> Task statement: Repeat the records exactly, minus the pictures.

Image-backed grounding data
────────
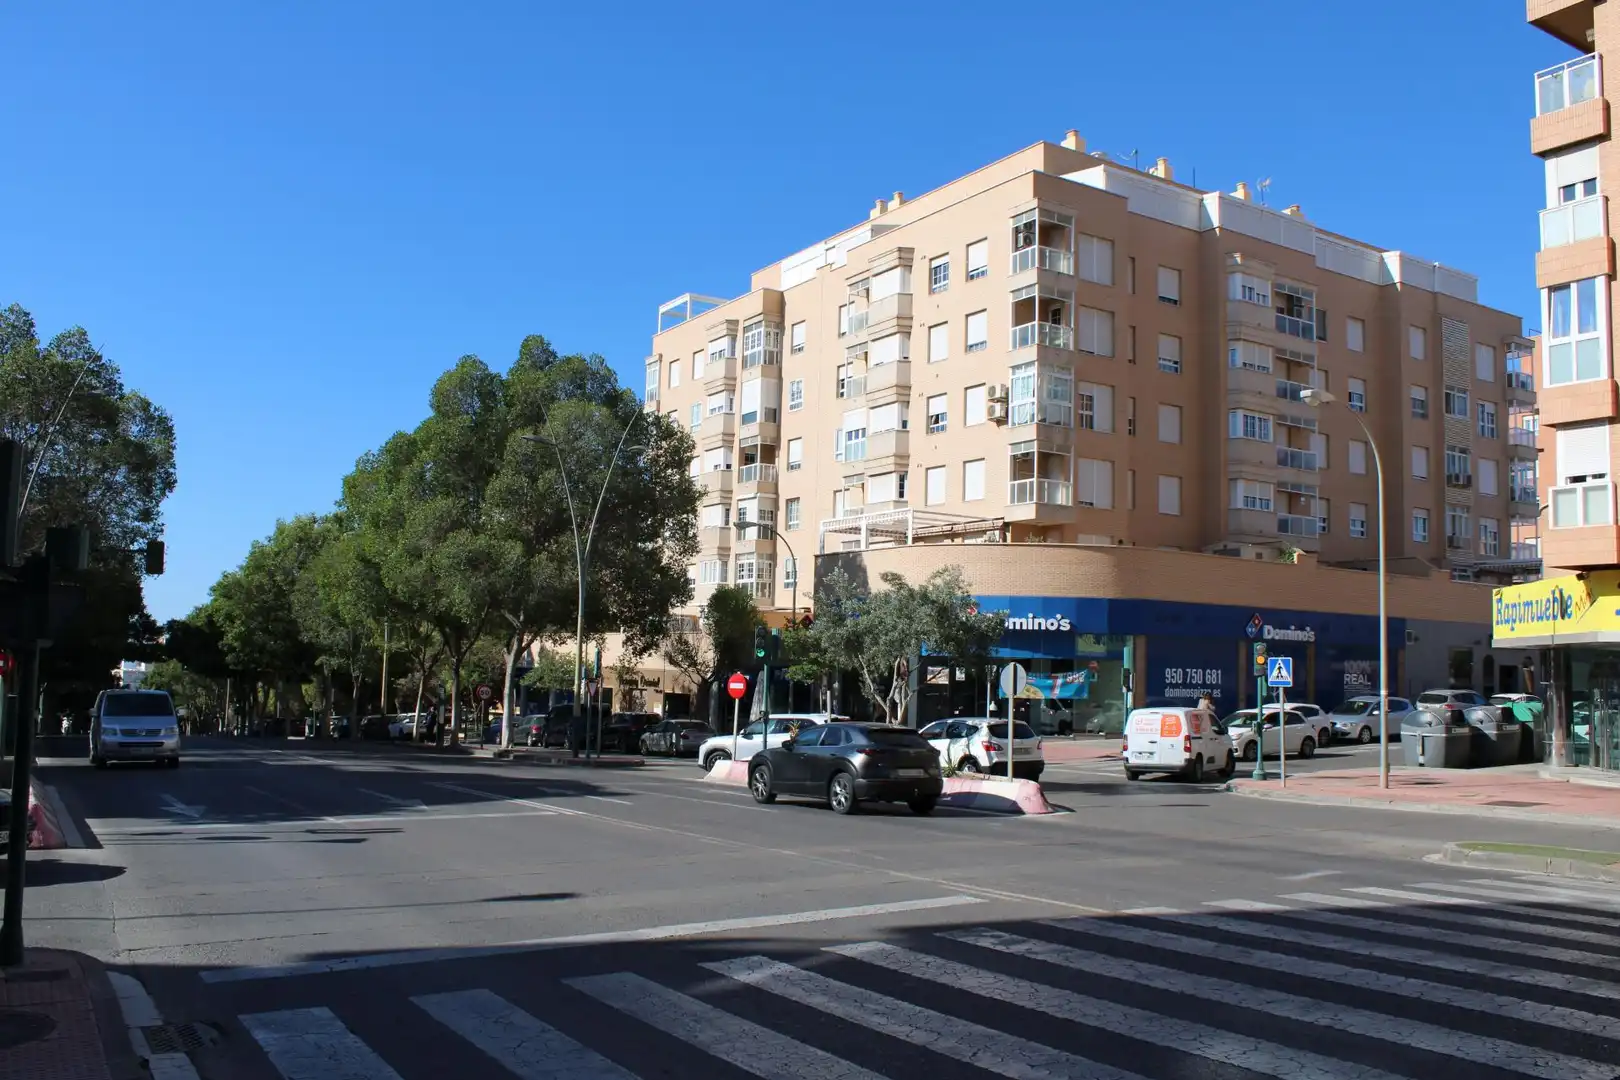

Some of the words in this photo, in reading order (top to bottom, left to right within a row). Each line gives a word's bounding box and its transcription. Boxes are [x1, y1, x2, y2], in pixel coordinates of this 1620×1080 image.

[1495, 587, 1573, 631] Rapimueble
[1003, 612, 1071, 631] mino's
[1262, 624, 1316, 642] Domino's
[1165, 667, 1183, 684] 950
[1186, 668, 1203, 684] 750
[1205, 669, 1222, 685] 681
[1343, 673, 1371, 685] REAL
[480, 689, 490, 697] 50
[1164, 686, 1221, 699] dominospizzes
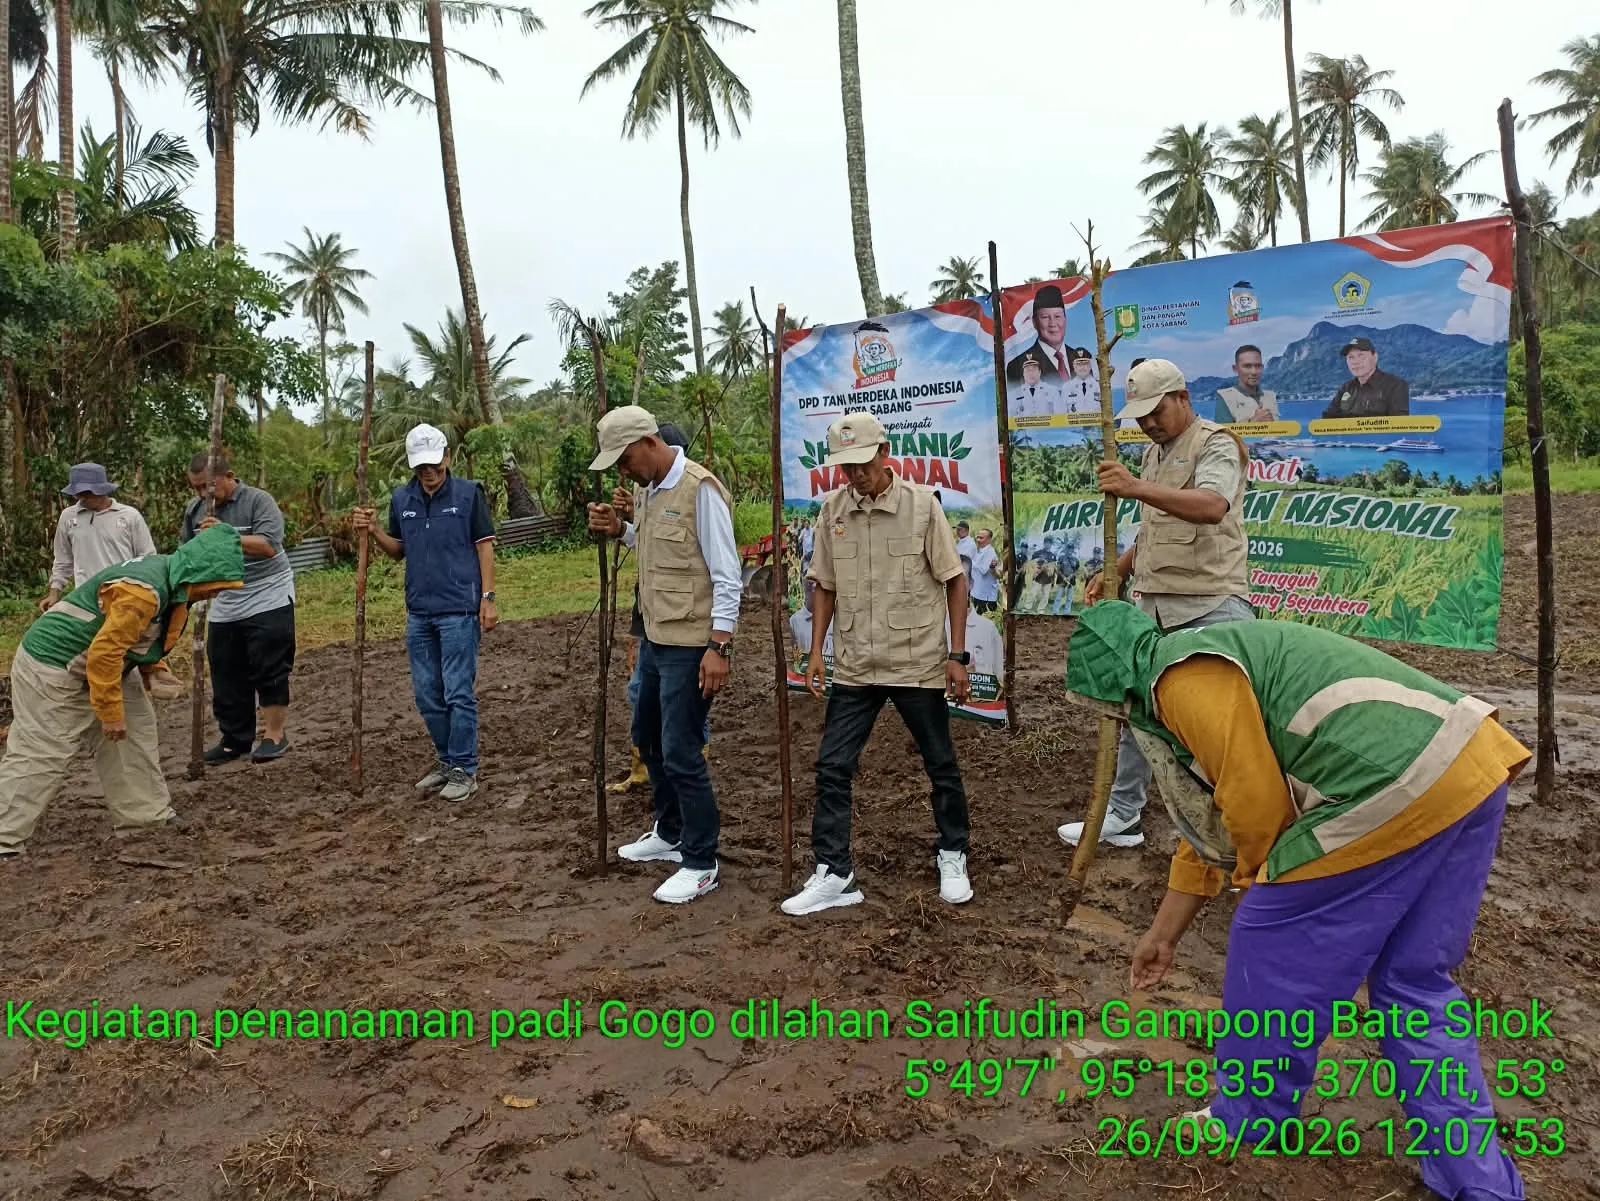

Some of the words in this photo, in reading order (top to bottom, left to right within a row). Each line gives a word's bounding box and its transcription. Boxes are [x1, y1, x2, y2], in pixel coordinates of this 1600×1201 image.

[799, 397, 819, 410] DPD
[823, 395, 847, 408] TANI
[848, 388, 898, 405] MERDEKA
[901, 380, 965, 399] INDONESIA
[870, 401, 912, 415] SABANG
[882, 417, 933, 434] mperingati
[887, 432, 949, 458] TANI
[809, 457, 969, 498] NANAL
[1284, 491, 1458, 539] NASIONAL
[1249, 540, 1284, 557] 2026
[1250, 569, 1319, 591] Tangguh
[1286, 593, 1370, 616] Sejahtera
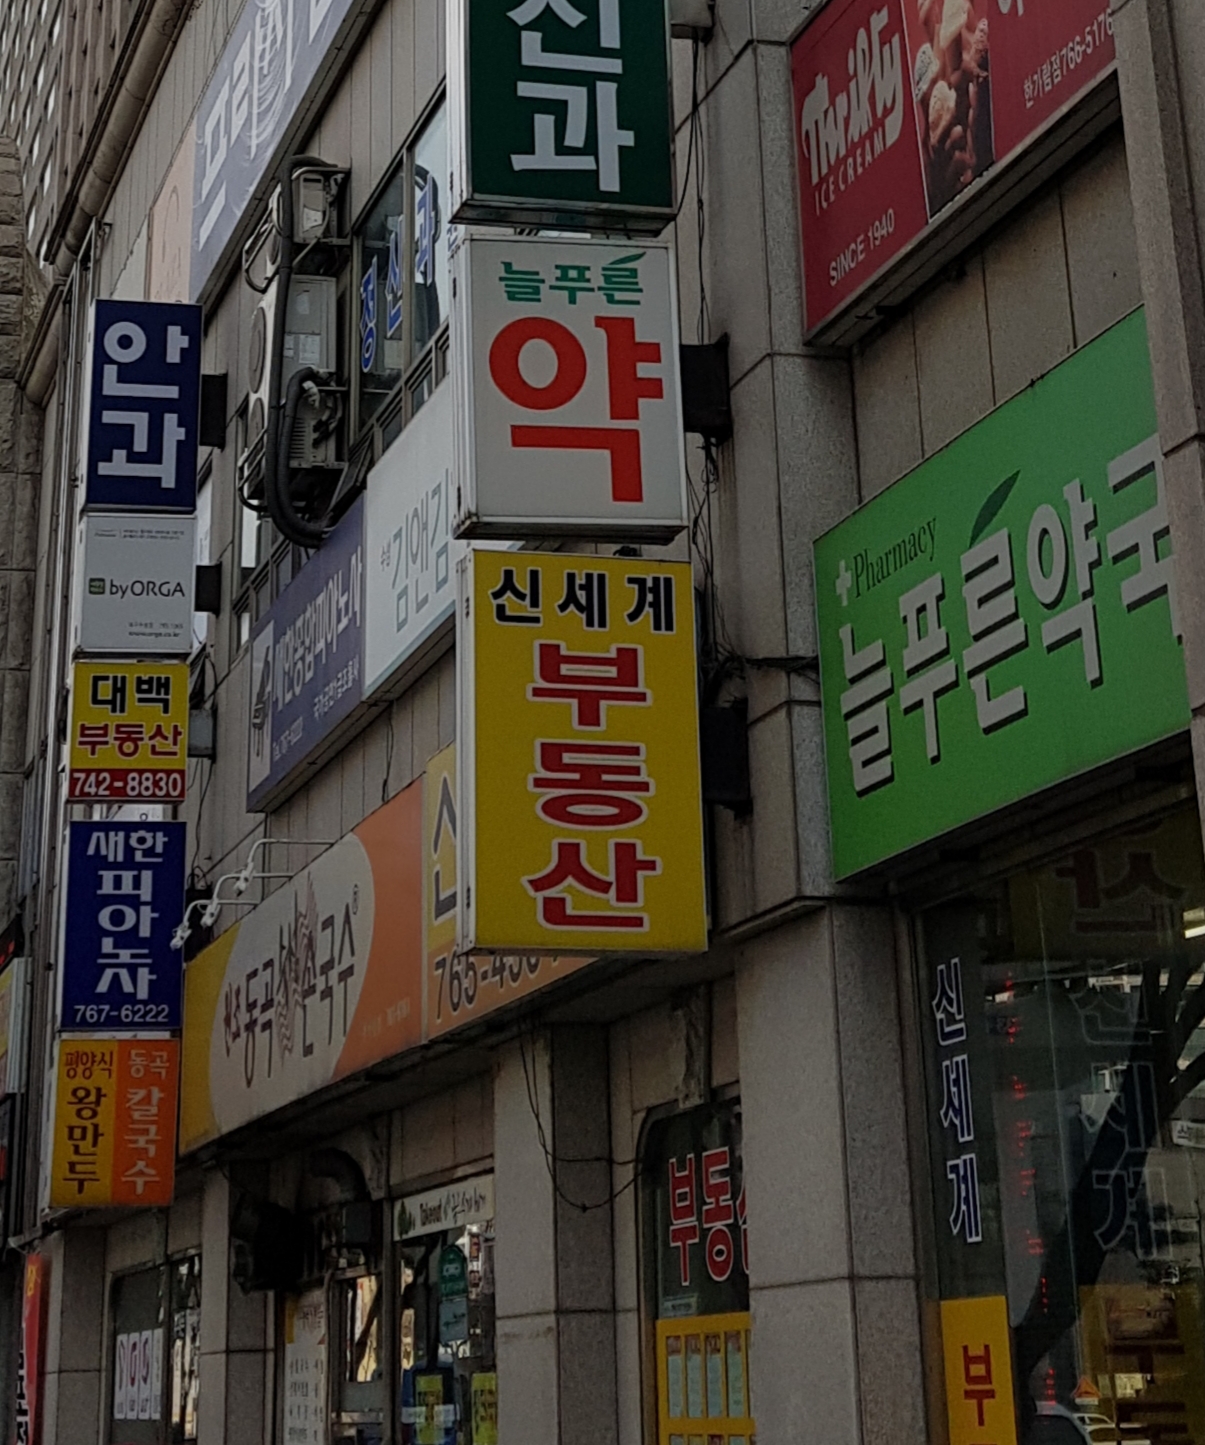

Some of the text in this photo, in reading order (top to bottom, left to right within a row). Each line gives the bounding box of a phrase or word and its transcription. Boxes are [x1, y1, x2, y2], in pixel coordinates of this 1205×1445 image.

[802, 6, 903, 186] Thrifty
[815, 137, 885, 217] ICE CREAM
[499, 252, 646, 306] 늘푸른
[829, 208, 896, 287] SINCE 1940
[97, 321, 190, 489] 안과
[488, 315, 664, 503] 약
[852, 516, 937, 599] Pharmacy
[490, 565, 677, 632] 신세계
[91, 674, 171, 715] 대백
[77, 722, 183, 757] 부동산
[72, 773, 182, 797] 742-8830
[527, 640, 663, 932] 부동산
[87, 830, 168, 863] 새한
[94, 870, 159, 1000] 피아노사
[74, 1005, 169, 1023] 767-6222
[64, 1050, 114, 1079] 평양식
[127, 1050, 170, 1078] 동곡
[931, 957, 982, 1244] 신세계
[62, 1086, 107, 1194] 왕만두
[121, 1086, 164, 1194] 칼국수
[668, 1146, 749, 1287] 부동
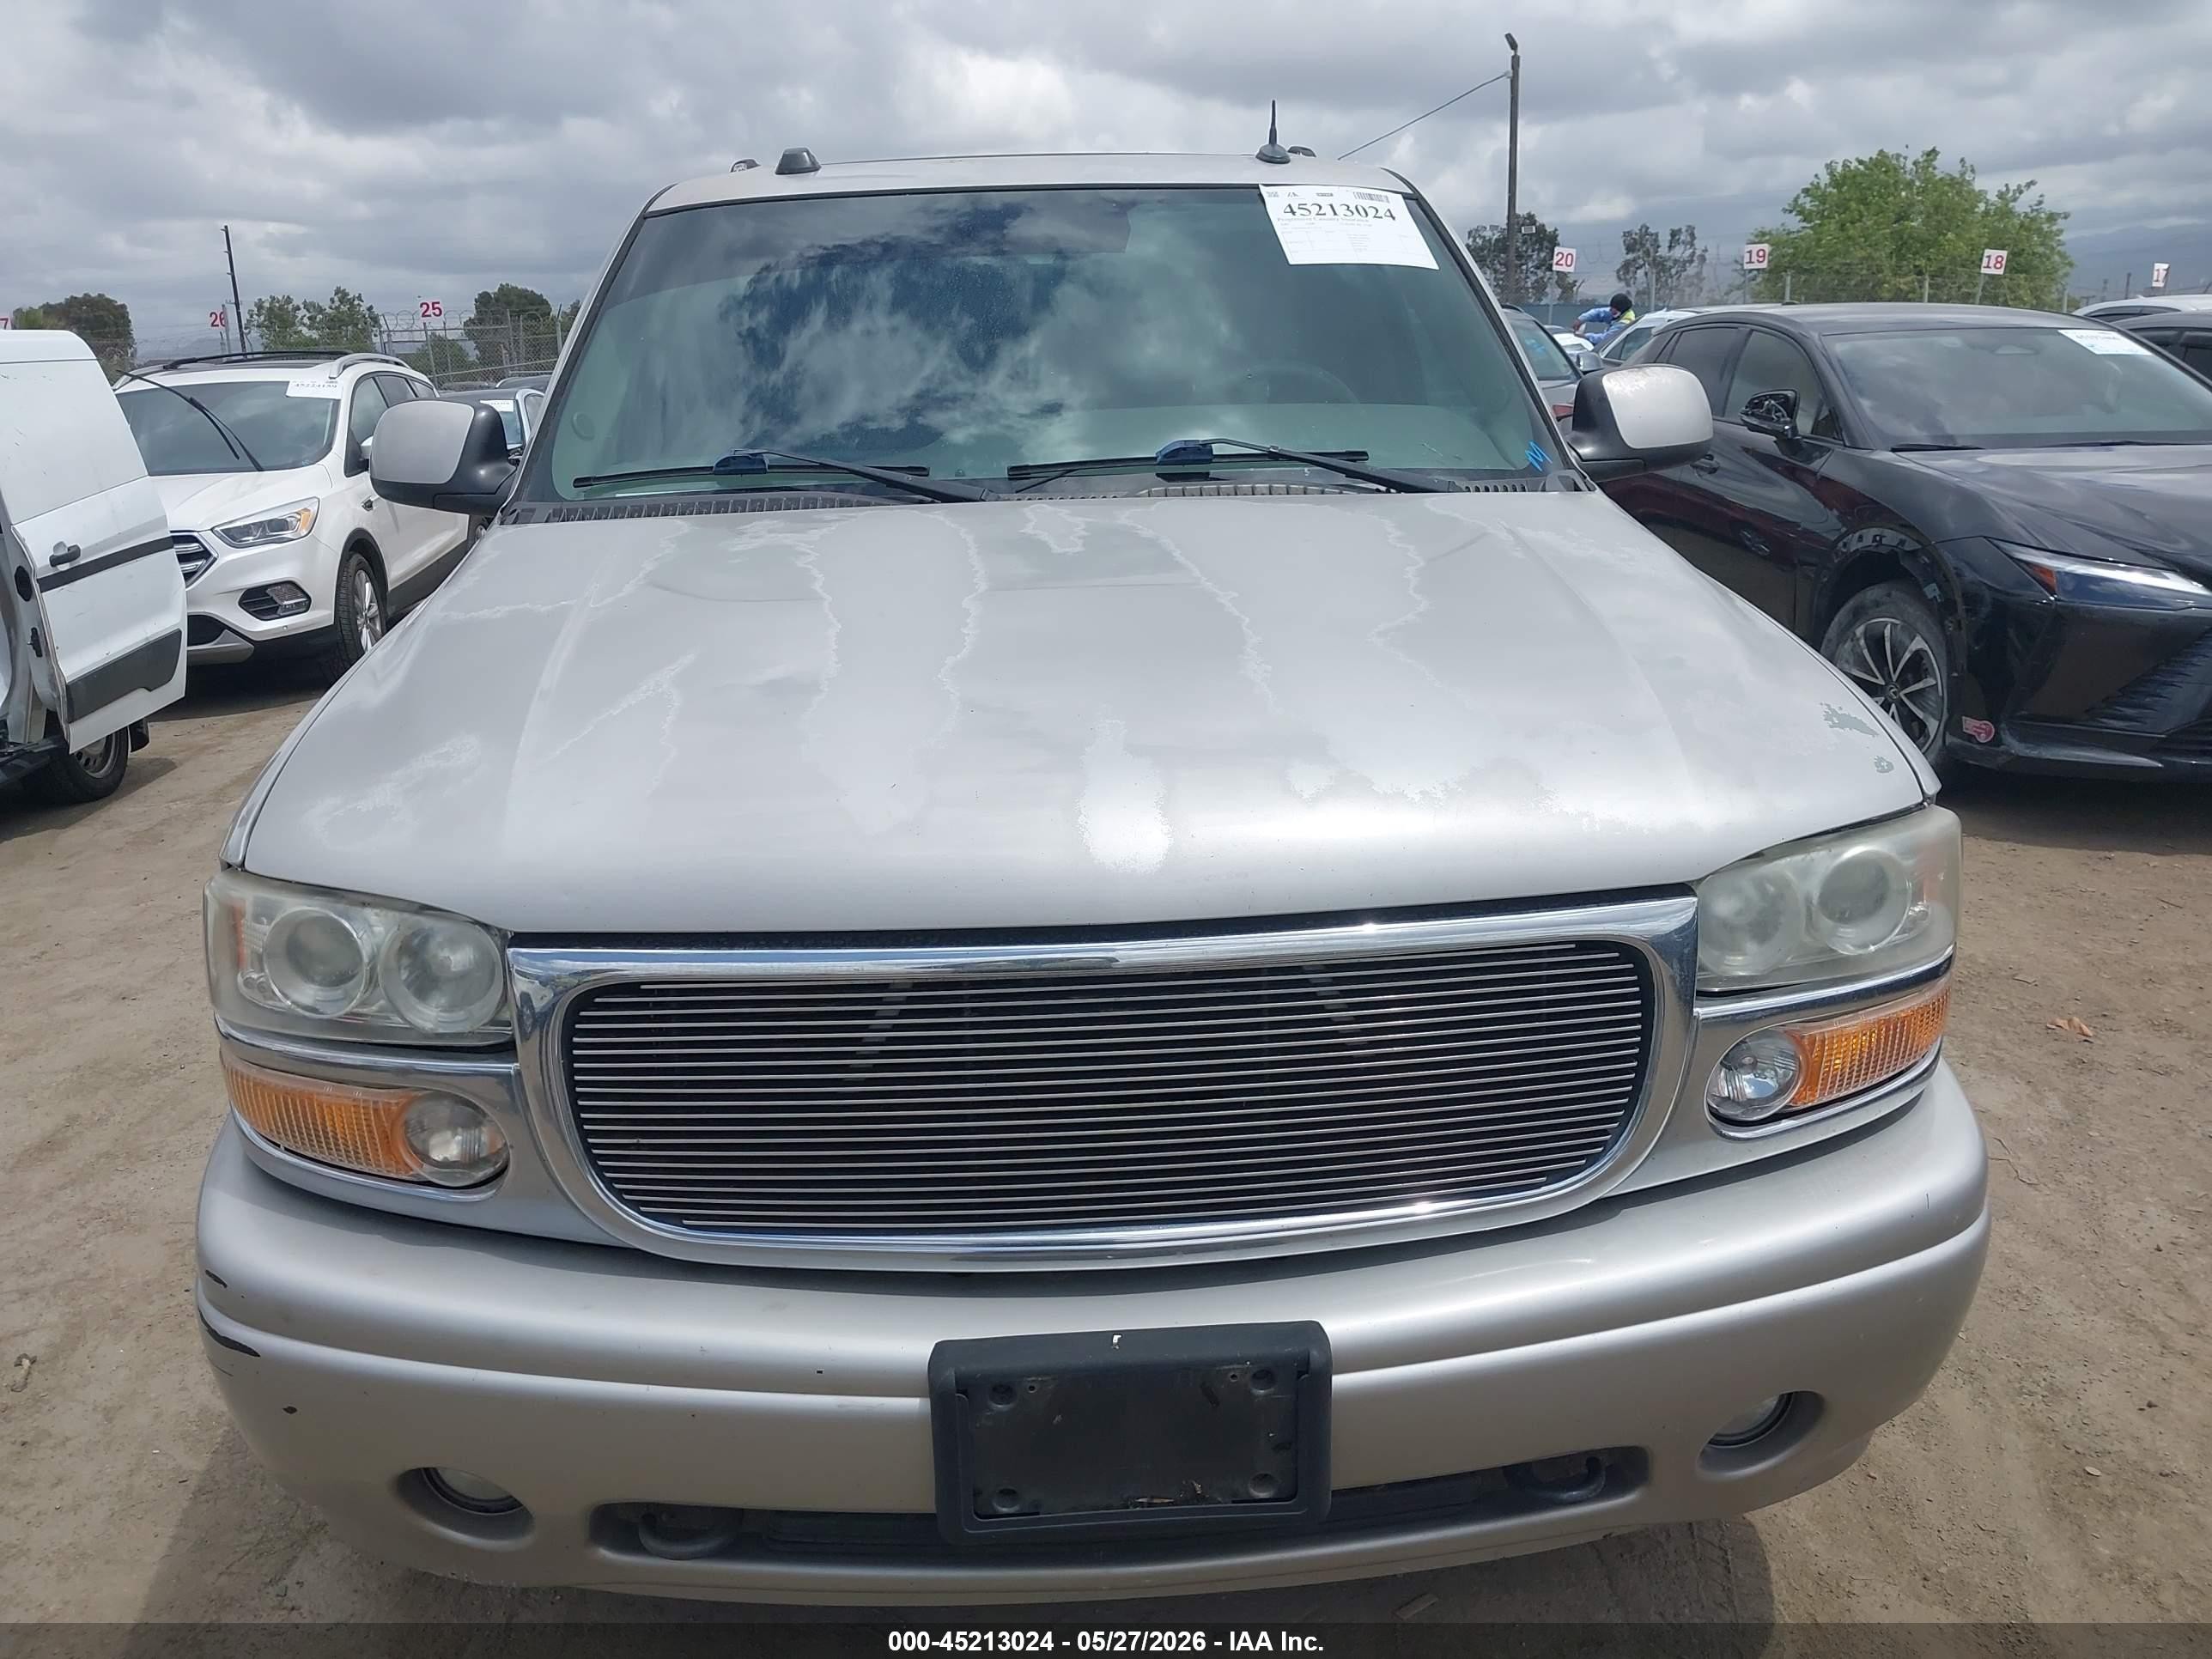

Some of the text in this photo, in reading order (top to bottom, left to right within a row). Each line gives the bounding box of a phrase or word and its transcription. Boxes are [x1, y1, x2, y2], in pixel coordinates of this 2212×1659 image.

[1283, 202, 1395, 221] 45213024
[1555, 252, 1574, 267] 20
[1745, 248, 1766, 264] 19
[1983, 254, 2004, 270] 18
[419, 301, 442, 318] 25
────────
> Written answer:
Some of the words in this photo, in reading order (top to bottom, left to right within a row). Each line gives a word's bounding box and its transcription. Boxes are [x1, y1, x2, y2], in pixel coordinates of this 1620×1080 image.

[1495, 587, 1573, 631] Rapimueble
[1003, 612, 1071, 631] mino's
[1262, 624, 1316, 642] Domino's
[1165, 667, 1183, 684] 950
[1186, 668, 1203, 684] 750
[1205, 669, 1222, 685] 681
[1343, 673, 1371, 685] REAL
[480, 689, 490, 697] 50
[1164, 686, 1221, 699] dominospizzes

Some of the words in this photo, in reading order (top to bottom, left to right within a row). Each line gives a word's bounding box and its transcription. Boxes are [x1, y1, x2, y2], in pixel coordinates of this 1600×1201 image.

[799, 397, 819, 410] DPD
[823, 395, 847, 408] TANI
[848, 388, 898, 405] MERDEKA
[901, 380, 965, 399] INDONESIA
[870, 401, 912, 415] SABANG
[882, 417, 933, 434] mperingati
[887, 432, 949, 458] TANI
[809, 457, 969, 498] NANAL
[1284, 491, 1458, 539] NASIONAL
[1249, 540, 1284, 557] 2026
[1250, 569, 1319, 591] Tangguh
[1286, 593, 1370, 616] Sejahtera

Some of the text in this photo, in reading order (top to bottom, left to right within a row). Each line gives the bounding box of a phrase or word and its transcription. Boxes are [x1, y1, x2, y2], in pixel coordinates of this 1205×1445 image.

[802, 6, 903, 186] Thrifty
[815, 137, 885, 217] ICE CREAM
[499, 252, 646, 306] 늘푸른
[829, 208, 896, 287] SINCE 1940
[97, 321, 190, 489] 안과
[488, 315, 664, 503] 약
[852, 516, 937, 599] Pharmacy
[490, 565, 677, 632] 신세계
[91, 674, 171, 715] 대백
[77, 722, 183, 757] 부동산
[72, 773, 182, 797] 742-8830
[527, 640, 663, 932] 부동산
[87, 830, 168, 863] 새한
[94, 870, 159, 1000] 피아노사
[74, 1005, 169, 1023] 767-6222
[64, 1050, 114, 1079] 평양식
[127, 1050, 170, 1078] 동곡
[931, 957, 982, 1244] 신세계
[62, 1086, 107, 1194] 왕만두
[121, 1086, 164, 1194] 칼국수
[668, 1146, 749, 1287] 부동

Some of the text in this photo, in reading order (top to bottom, left to right within a row). Each line gives the bounding box of a phrase or word and its transcription. Boxes are [x1, y1, x2, y2], in pixel coordinates of this 2212×1659 image.

[1283, 202, 1395, 221] 45213024
[1555, 252, 1574, 267] 20
[1745, 248, 1766, 264] 19
[1983, 254, 2004, 270] 18
[419, 301, 442, 318] 25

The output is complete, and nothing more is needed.